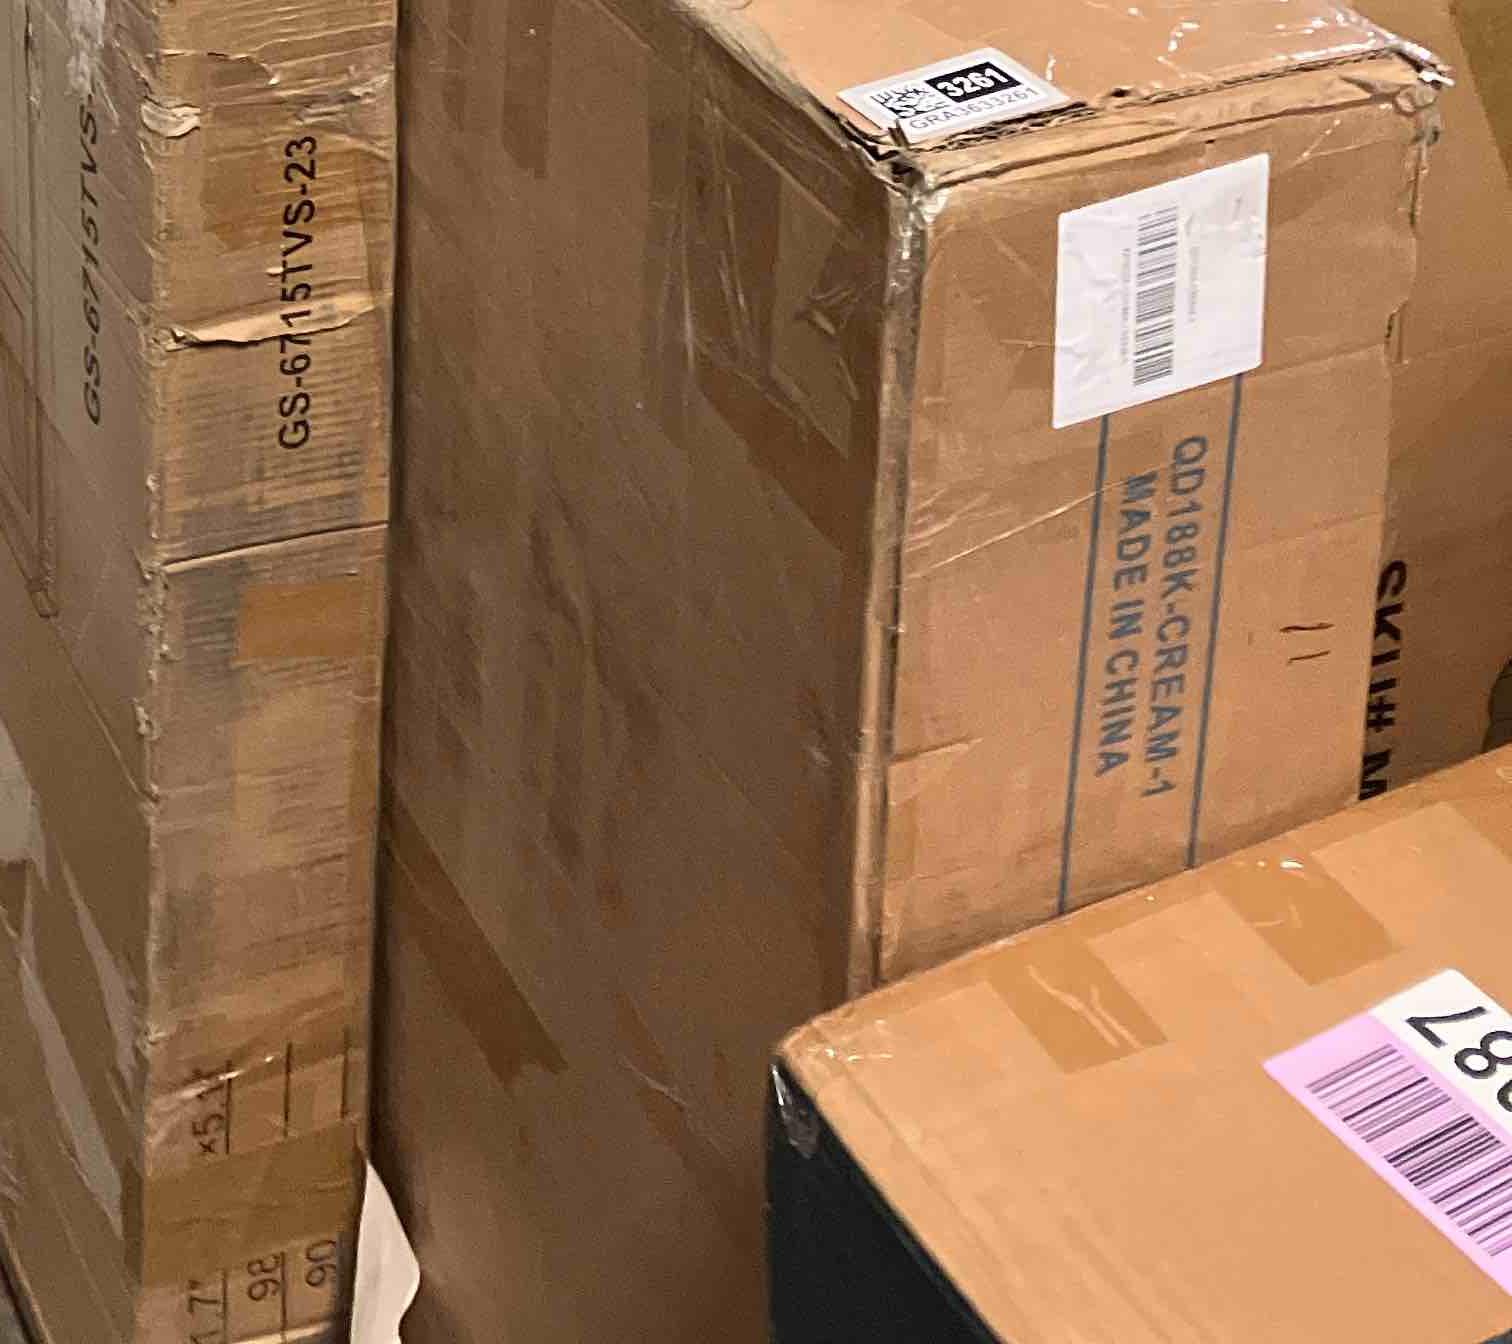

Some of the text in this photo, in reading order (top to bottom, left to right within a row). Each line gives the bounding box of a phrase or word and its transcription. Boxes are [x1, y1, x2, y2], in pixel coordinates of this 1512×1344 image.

[909, 85, 1041, 133] GRA3633261
[935, 66, 1011, 101] 3261
[278, 135, 319, 451] GS-6715TVS-23
[1093, 471, 1160, 778] MADE IN CHINA
[1141, 434, 1210, 799] QD188K-CREAM-1
[1404, 1004, 1512, 1115] 87

Task item. All of the records should be set down exactly, minus the pictures they hold.

Expected answer.
Some of the text in this photo, in reading order (top to bottom, left to right within a row). Each line gives the bounding box of a phrase or word and its transcription. Boxes are [x1, y1, x2, y2], in pixel coordinates of this 1512×1344 image.

[909, 85, 1041, 133] GRA3633261
[935, 66, 1011, 101] 3261
[278, 135, 319, 451] GS-6715TVS-23
[1093, 471, 1160, 778] MADE IN CHINA
[1141, 434, 1210, 799] QD188K-CREAM-1
[1404, 1004, 1512, 1115] 87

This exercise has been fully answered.